The most obvious route north from Marrakech might have taken us via Casablanca and Rabat, but Omar was keen to utilise his knowledge of the back roads, and to complete most of our four hundred mile journey in the dark. He made us extra nervous by saying that it was legal for vehicles to drive in Morocco with no headlights after nightfall, so long as they maintained a low speed !
I have a very clear image of the spectacular red sunset slowly colouring the tall tower of the mosque adjacent to the main square as we said goodbye to Marrakech. Despite the long journey ahead we were hopeful that we would soon be bidding farewell to Morocco and Africa as well.
‘Try to get some sleep’ our driver suggested.
‘Which way are we going ?’ I asked.
‘Towards Fez or Meknes, but don’t worry, I know these roads very well.’
Jess had her eyes closed, but I wasn’t sure if she was really getting any rest, and I found it very difficult not to succumb to my neurotic nature. Omar just appeared quietly determined, driving fast where he was able to make uninterrupted progress, and more slowly on the very minor routes. As it became properly dark the outer world became no more than a blur; occasionally we passed through a small town with a shop or cafe open late, but as we got well beyond Marrakech there was not much visible, though still an awareness of the vast Atlas mountains to the east.
I was most fearful about the sea crossing to Spain, and prayed for a calm and clear passage, despite the fact I had no sympathy for most forms of religious worship.
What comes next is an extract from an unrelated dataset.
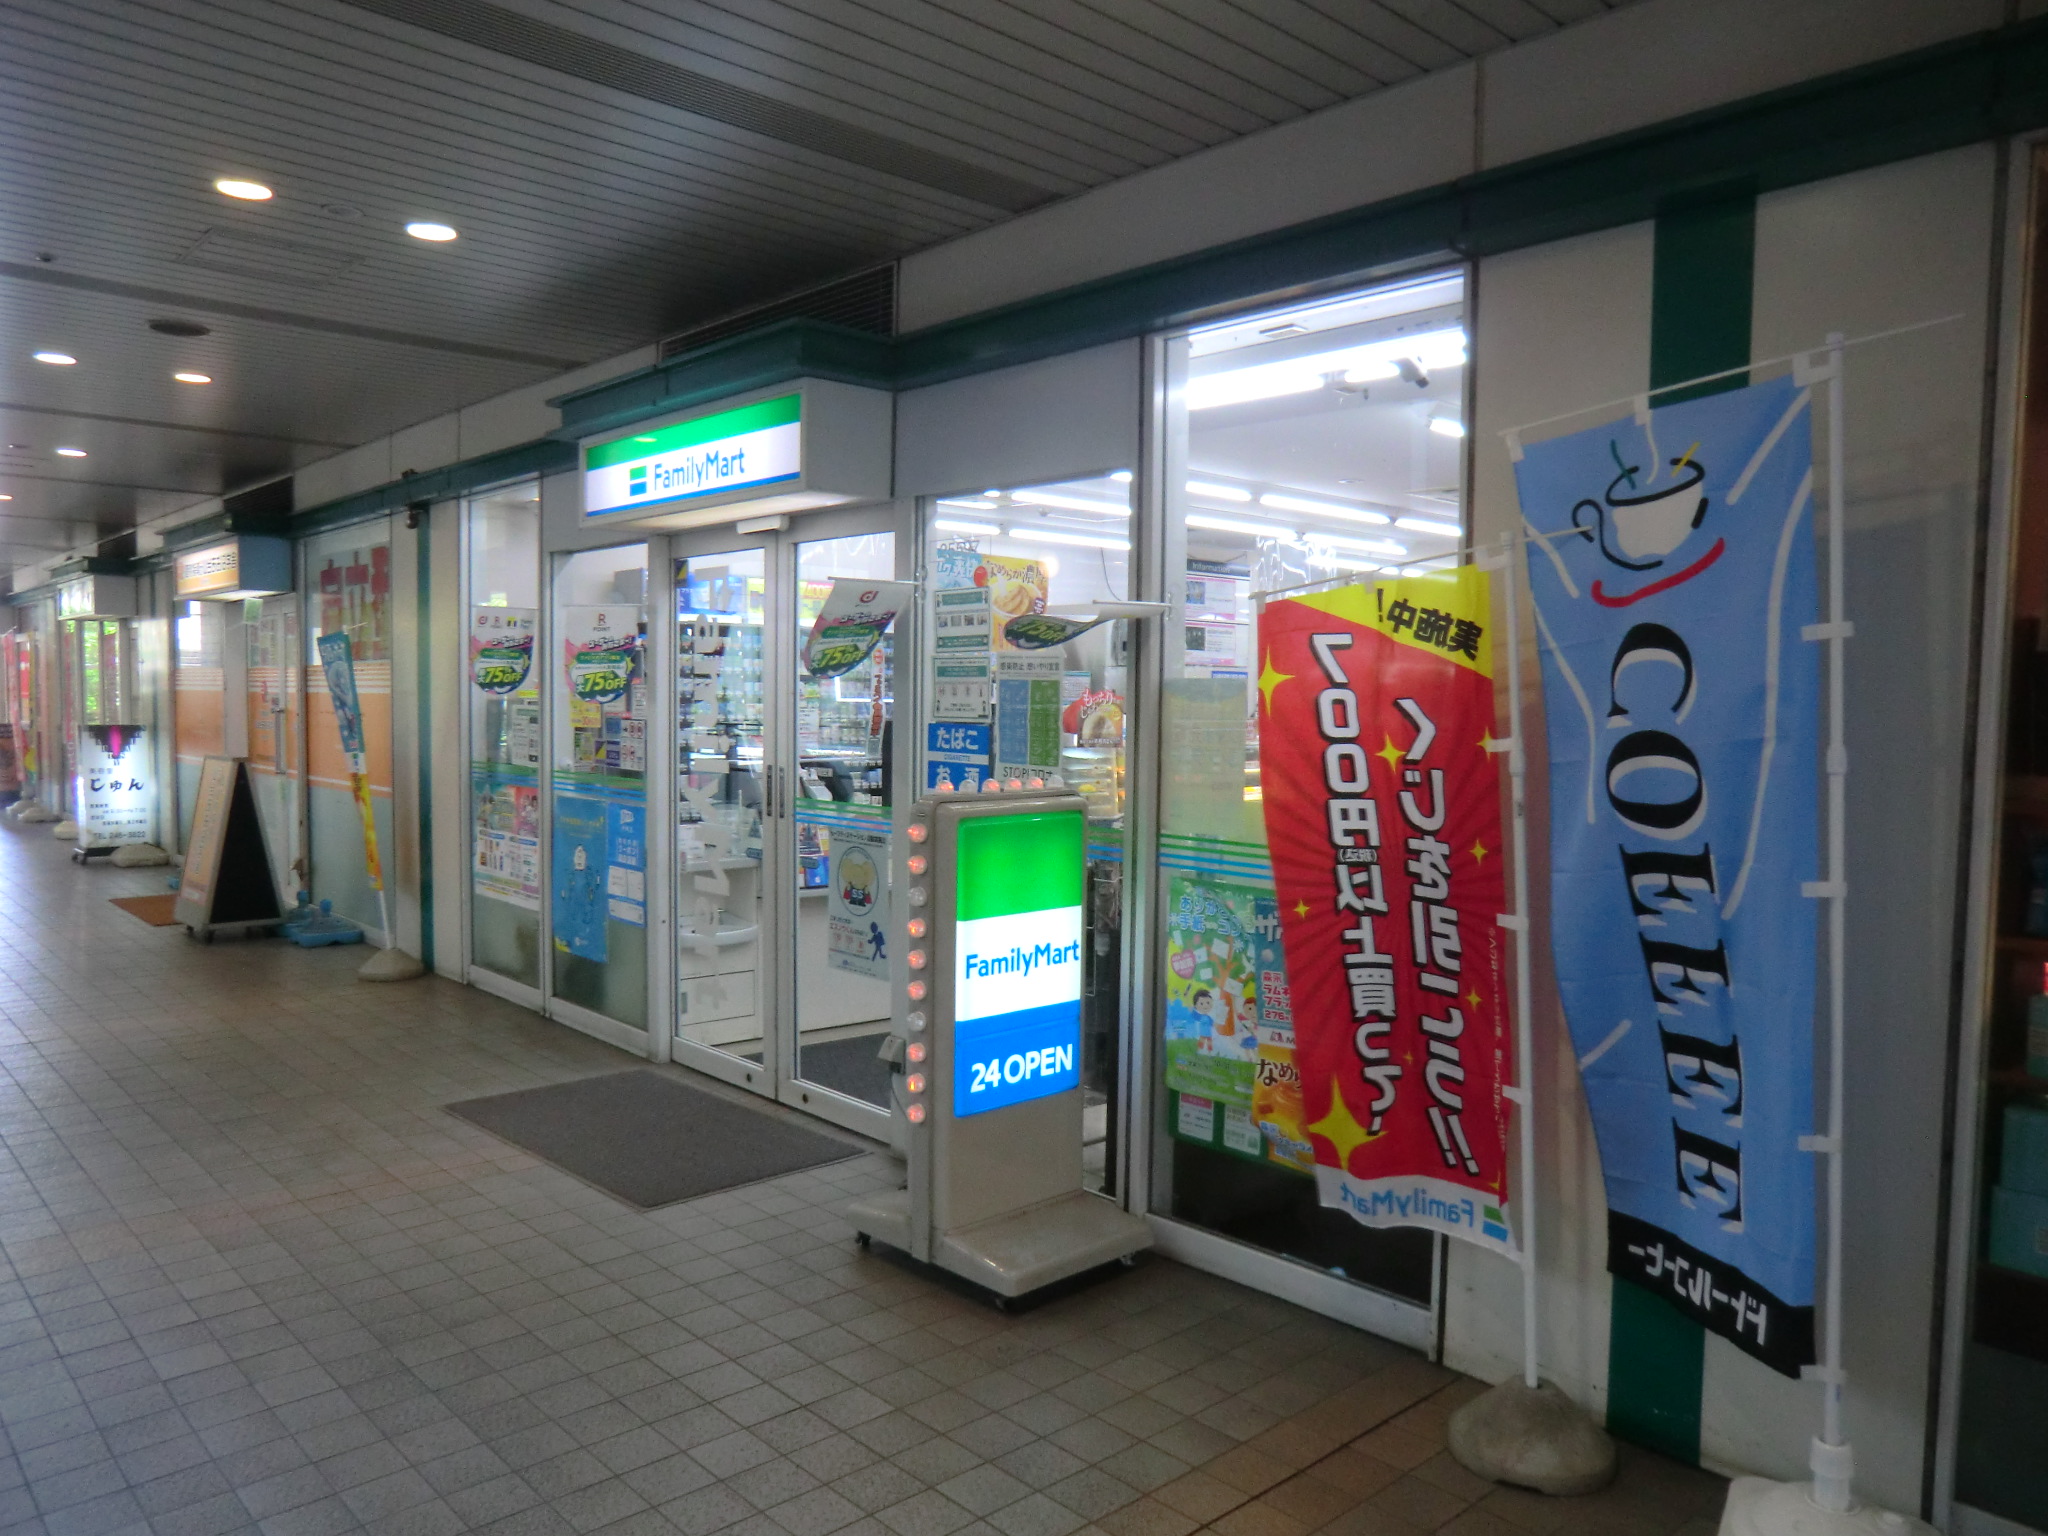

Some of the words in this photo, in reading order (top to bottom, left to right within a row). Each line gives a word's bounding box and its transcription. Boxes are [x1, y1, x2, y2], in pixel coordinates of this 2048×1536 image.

Omar had tried to reassure us further by saying that his brother would raise both a Spanish and European Union flag as we approached the other side, but surely there would be many patrols waiting for all those fleeing Africa and hoping for a better life in Europe – so tantalisingly close across the Strait of Gibraltar.
‘What was that ?’ said Jess suddenly.
‘Nothing, just a hole in the road, go back to sleep.’
‘I can’t seem to relax.’
‘I will stop in another hour or so, I must rest for a while’ Omar said.
I did not envy him the many hours of driving; but the bitterness he felt for the man who had killed his first son was literally driving him on through the black Moroccan night. We had unintentionally provided some kind of brutal justice, and the emptiness Omar still felt in his life encouraged him to risk being arrested by helping foreigners to leave the country without the usual forms being filled-in.
He pulled off the road somewhere near Azrou, south east of Meknes, and offered a flask of coffee and some biscuits.
‘You are very kind’ said Jess wearily.
‘That policeman was very bad; I will get you home safely.’
It was almost as if he was planning to drive us all the way to York, which might have impressed friends and family – taking a Mercedes taxi the entire route from Morocco to England. He went off for a cigarette, leaving the two of us alone, with hardly a clue as to our location in the featureless landscape of darkness.